New Mama Worries, Part 2: How to Know if it's Postpartum Anxiety

“If you want to conquer the anxiety of life, live in the moment, live in the breath.” - Amit Ray


Anxiety sucks.  Anxiety while being a mom really sucks.


One of the things I hear from moms is that they often blame themselves if they feel anxious. As if somehow they are failing as a mom, a partner, or a person if they experience anxiety and motherhood at the same time. Maybe they just weren't cut out for this job.


But NO! That's so not true. The truth is that you do love your sweet baby and no one can parent the way you can--there is just something else going on.


What you’re feeling is not your fault. You didn’t choose to have anxiety. But, the good news is you CAN choose to find a solution that works for you or to get help. You can use your power where you have it.


First, let’s talk a little more about anxiety itself.  


Last week, we talked about some of the common anxieties that every mom feels from time to time. We also talked about ways you can move past those anxieties so that they don’t disrupt your day or get in the way of you doing what you need to do.  


If those tips were helpful to you, that’s awesome! I hope you feel empowered to take baby steps toward claiming your confidence as a momma. (Yes, it does take time to feel like a confident mom--it’s OK!)


But, if you read that list and still felt overwhelmed or like it just seems impossible for things to get better, that’s OK too--you might be experiencing Postpartum Anxiety and you’re definitely not alone in this. Something like 15-20% of moms experience Postpartum Mood & Anxiety Disorders (PMADs). And that’s only counting the number of women that were willing to name it and be counted! It’s very likely that number is higher than we think. Some experts even think this number of those experiencing Postpartum Anxiety is higher than the number of women who suffer from Postpartum Depression.


To put it in perspective, 20% would be basically like one in 5 moms. That means, if you aren't struggling, you probably know a mom who is.


And if your baby was born premature, or you experienced trauma during the birth (or even a perceived trauma), you could be at a higher risk of experiencing Postpartum Anxiety or other Postpartum Mood Disorders (PMADs). Or if you struggled anxiety prior to becoming pregnant, you might be at higher risk for Postpartum Anxiety as well (although it’s important to mention that Postpartum Depression is still a possibility for those who never experienced anxiety prior to becoming pregnant because it can be caused by the dramatic shifts in hormone levels after birth).


So, what’s the difference then between normal worries or anxieties and clinical Postpartum Anxiety?  

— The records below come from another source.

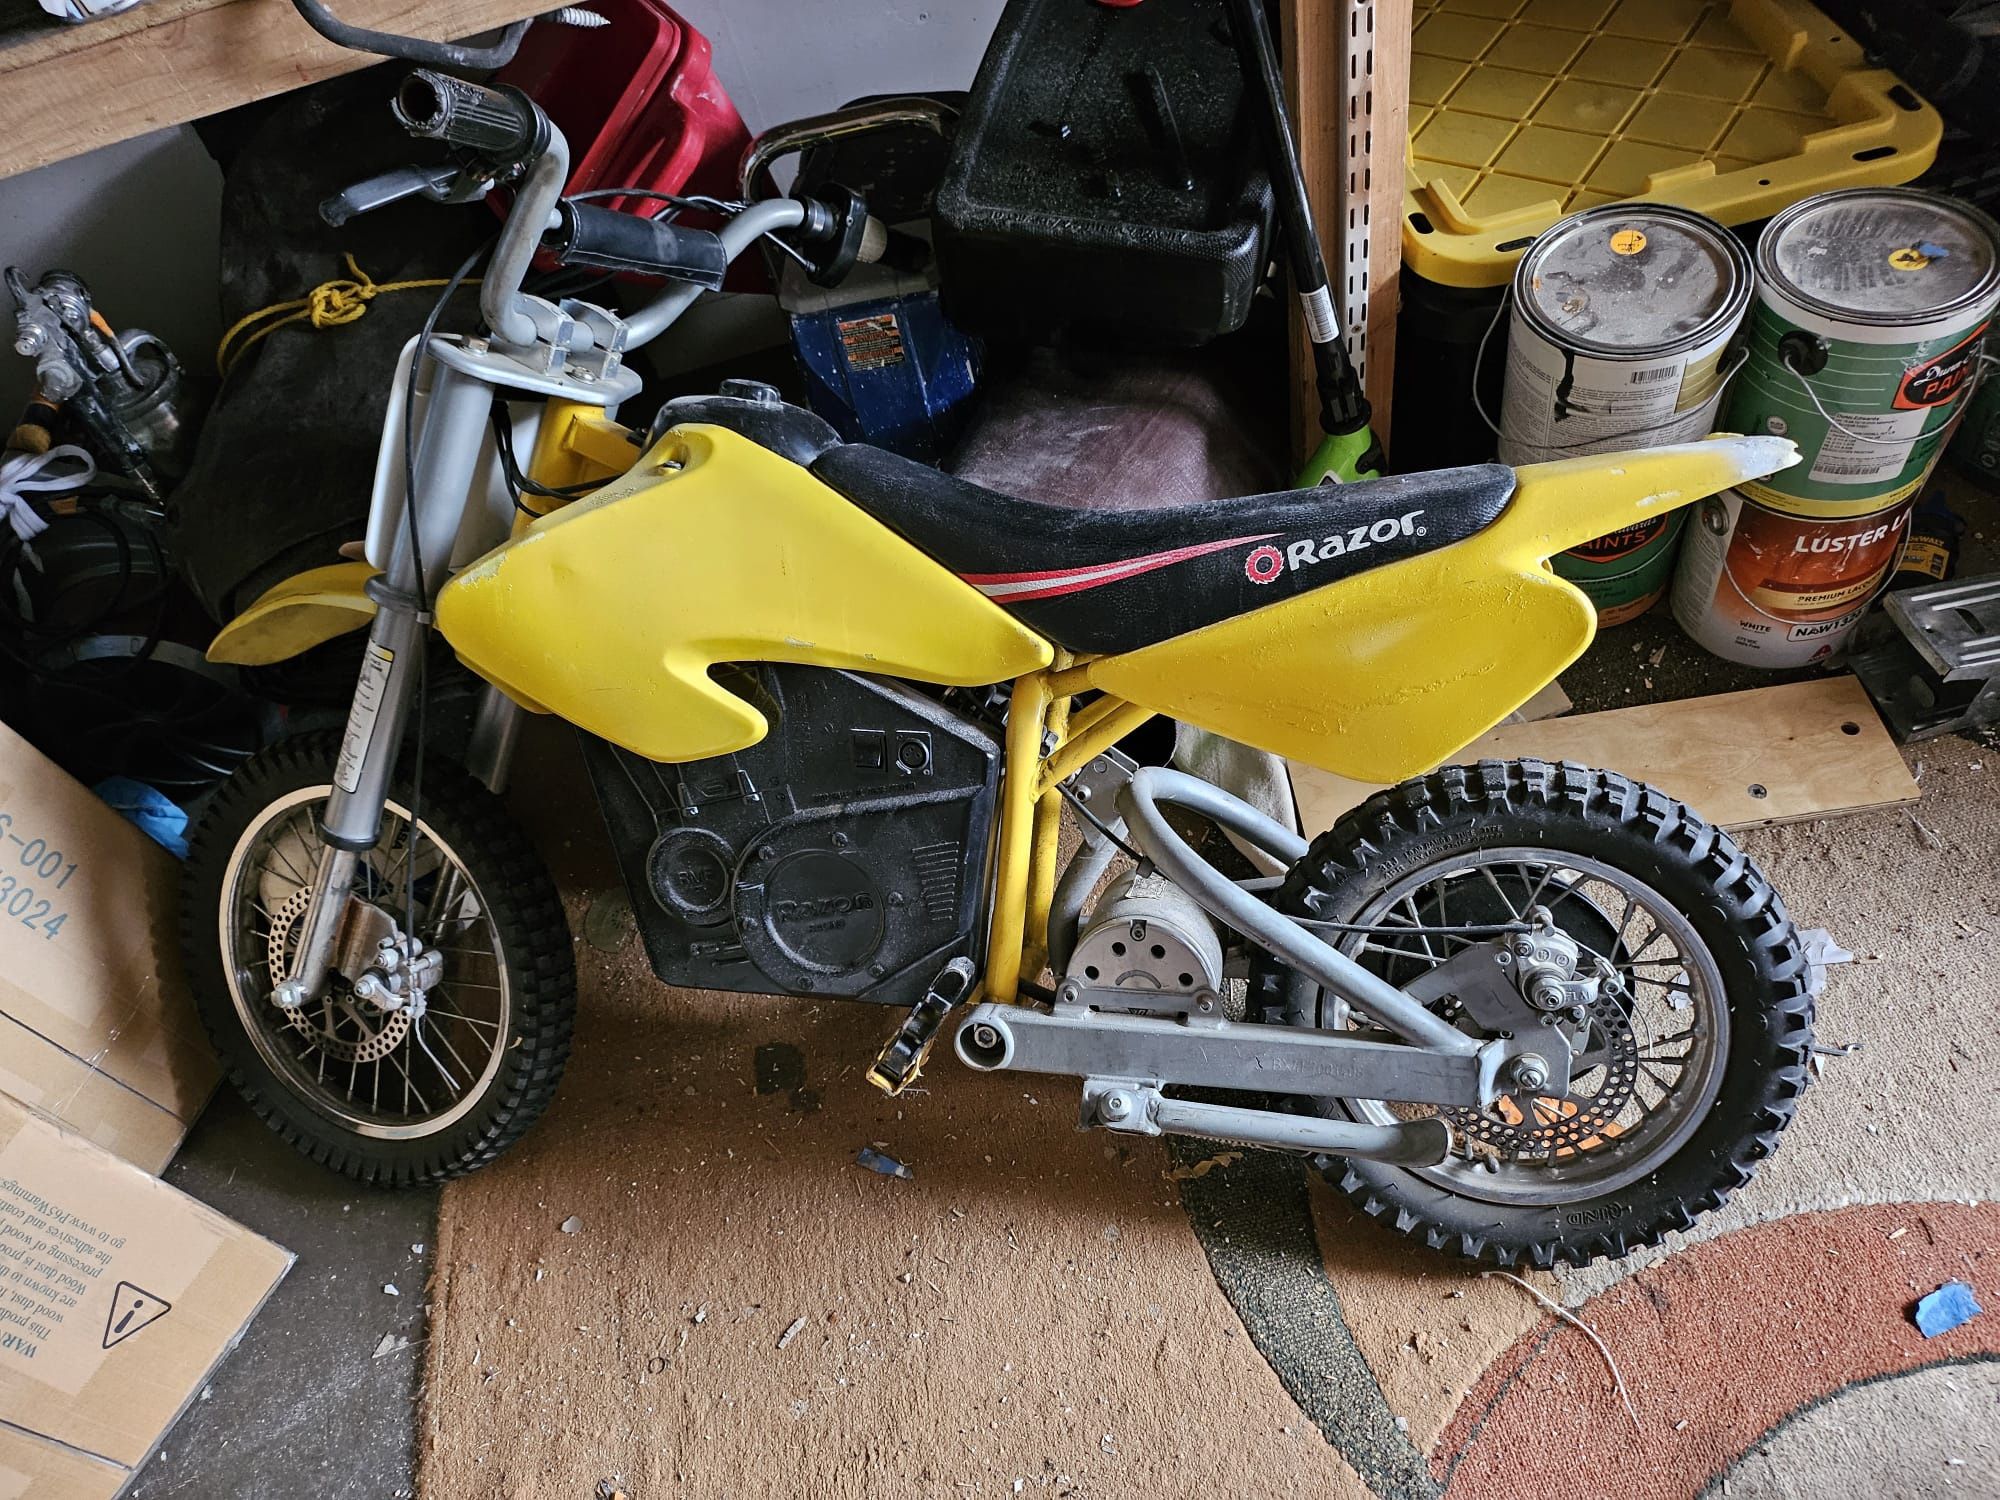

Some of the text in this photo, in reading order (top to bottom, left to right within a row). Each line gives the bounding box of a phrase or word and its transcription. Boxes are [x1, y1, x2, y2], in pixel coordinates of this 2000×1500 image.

[1286, 510, 1425, 572] Razor
[1578, 529, 1647, 550] AINTS
[1795, 524, 1888, 554] LUSTER
[1797, 591, 1845, 603] PREMIUM
[1739, 620, 1772, 633] WHITE
[24, 1212, 48, 1231] and
[2, 1223, 33, 1247] wood
[36, 1237, 48, 1252] of
[48, 1225, 96, 1256] adhesives
[98, 1229, 111, 1243] to
[111, 1236, 128, 1250] go
[24, 1255, 35, 1270] is
[48, 1245, 105, 1280] processing
[96, 1251, 113, 1266] the
[11, 1267, 23, 1284] to
[35, 1259, 58, 1279] dust
[24, 1275, 64, 1303] known
[59, 1273, 88, 1297] Wood
[61, 1294, 78, 1308] are
[37, 1304, 64, 1324] wood
[29, 1321, 52, 1341] This

For those experiencing Postpartum Anxiety, you might:

  • Be in a state of constant worry

  • Feel like something bad is going to happen to you

  • Have racing thoughts

  • Experience disturbances in your sleep or appetite

  • Experience physical symptoms like difficulty sitting still, dizziness, hot flashes, headaches, or nausea.

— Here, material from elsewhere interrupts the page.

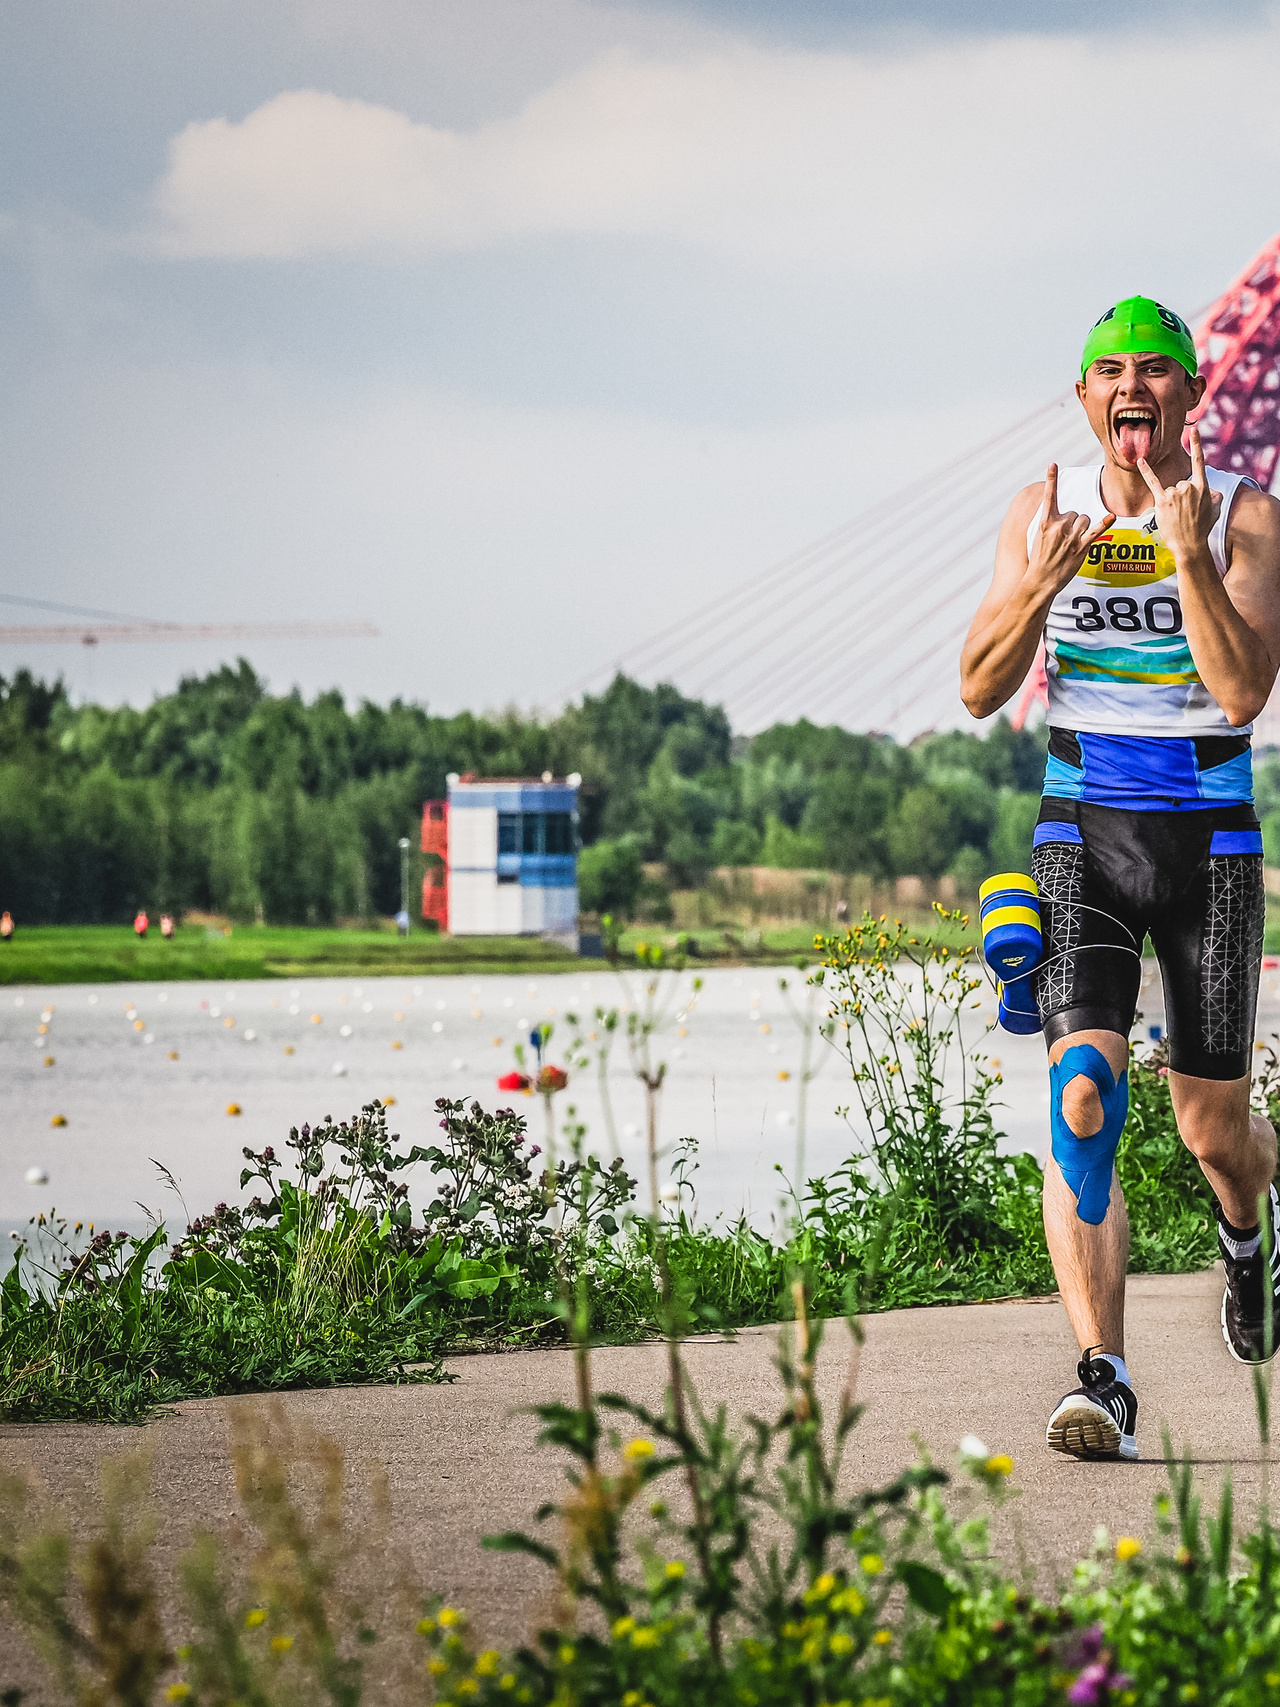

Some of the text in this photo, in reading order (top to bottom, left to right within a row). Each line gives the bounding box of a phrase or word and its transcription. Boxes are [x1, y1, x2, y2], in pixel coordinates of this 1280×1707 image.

[1087, 542, 1155, 565] grom
[1106, 563, 1152, 572] SWIM&RUN
[1071, 596, 1183, 634] 380

  • Possibly experience Postpartum Depression simultaneously.

  • Just know deep down that what you’re feeling isn’t right.


If you’re experiencing some or all of these symptoms, your situation might feel impossible or like any positive changes just can’t work for you. The important thing to observe in yourself is If your anxiety is stopping you from doing what you need to do, then it’s a problem.


The good news is that though you might feel powerless in your anxiety, your mommy superpower here is in your ability to ask for and receive help.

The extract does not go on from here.